So you would like to see limits on shifts in the infield and outfield???  These are used under the same principal as the "Four r corners in Basketball.

Baseball got to where it is at with this archaic rules.  Change for the sake of change may lose them as many fans as they would hope to gain.  NASCAR made rules changes and have lost attendance and ratings.  Football made changes and net ratings dropped.  Changes are not always a good thing.

Shifts don't take 5-4 and 7-5 games and turn them all into 1-0 games.  Shifts are only detrimental to the sport in that a few fans find them distasteful, but I think most are good with it.  Plus, there's an easy way around them: just hit where nobody is standing.

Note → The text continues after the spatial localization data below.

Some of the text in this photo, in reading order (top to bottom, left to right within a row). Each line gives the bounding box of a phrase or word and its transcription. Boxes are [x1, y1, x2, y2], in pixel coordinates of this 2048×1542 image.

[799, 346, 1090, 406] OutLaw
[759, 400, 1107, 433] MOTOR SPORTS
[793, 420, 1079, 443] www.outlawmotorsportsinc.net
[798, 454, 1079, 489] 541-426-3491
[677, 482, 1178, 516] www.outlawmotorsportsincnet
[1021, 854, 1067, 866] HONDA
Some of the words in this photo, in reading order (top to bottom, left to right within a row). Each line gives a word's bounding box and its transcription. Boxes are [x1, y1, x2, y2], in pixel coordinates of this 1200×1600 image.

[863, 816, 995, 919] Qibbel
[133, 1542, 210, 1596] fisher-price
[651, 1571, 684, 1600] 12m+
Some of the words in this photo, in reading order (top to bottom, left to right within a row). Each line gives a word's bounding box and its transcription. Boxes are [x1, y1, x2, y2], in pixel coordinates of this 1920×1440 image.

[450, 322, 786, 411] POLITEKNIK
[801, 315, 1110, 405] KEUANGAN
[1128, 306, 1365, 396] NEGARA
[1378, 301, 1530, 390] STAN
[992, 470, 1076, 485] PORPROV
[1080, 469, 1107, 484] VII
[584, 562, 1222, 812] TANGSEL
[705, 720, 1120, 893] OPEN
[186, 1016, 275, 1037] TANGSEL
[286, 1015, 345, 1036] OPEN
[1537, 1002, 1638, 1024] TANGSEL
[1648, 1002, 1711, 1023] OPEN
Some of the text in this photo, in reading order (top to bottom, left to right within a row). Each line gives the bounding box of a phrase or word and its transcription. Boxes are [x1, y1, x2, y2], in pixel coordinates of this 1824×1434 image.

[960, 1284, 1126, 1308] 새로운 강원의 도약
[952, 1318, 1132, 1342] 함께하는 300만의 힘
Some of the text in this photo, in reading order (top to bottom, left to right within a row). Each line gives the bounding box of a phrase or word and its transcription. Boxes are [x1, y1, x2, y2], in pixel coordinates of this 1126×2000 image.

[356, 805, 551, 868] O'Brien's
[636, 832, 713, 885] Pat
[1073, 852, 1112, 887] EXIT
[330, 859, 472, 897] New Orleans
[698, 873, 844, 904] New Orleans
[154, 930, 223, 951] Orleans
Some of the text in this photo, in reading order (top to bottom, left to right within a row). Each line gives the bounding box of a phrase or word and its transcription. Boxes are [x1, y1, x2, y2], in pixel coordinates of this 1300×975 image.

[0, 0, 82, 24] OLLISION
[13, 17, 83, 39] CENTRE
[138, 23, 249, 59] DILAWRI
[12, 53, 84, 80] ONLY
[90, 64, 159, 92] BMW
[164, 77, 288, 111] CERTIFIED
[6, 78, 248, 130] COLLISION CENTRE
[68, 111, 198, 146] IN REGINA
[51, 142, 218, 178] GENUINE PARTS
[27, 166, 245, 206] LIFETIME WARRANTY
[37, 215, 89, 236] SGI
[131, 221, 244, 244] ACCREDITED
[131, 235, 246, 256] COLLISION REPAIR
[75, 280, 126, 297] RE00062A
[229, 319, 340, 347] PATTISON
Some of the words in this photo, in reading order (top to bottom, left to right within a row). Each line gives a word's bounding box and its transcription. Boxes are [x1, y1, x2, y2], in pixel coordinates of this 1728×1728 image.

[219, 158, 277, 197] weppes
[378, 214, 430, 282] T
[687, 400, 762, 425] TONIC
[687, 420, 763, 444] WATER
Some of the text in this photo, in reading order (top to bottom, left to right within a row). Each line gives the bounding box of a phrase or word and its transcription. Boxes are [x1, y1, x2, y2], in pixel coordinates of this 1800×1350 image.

It's not change for change's sake.  It's change to make for a more engaging, poplar, sport that might appeal more broadly to people under the age of 50.  Baseball has changed one major rule in the last 115 years, and the game has gone from eight homers leading the league and pitchers throwing 400 innings to teams hitting 300 homers and the Cy Young winner sometimes throwing 180 innings.  Strikeouts have gone from two a game to nine.  Teams used to use 1.5 pitchers a game, now its five or six.  Baseball will change whether the rules do or not.  It's up to the powers-that-be to make the change into something positive, or otherwise let it run uncontrolled and have no input on where the game ends up and whether or not anyone likes it.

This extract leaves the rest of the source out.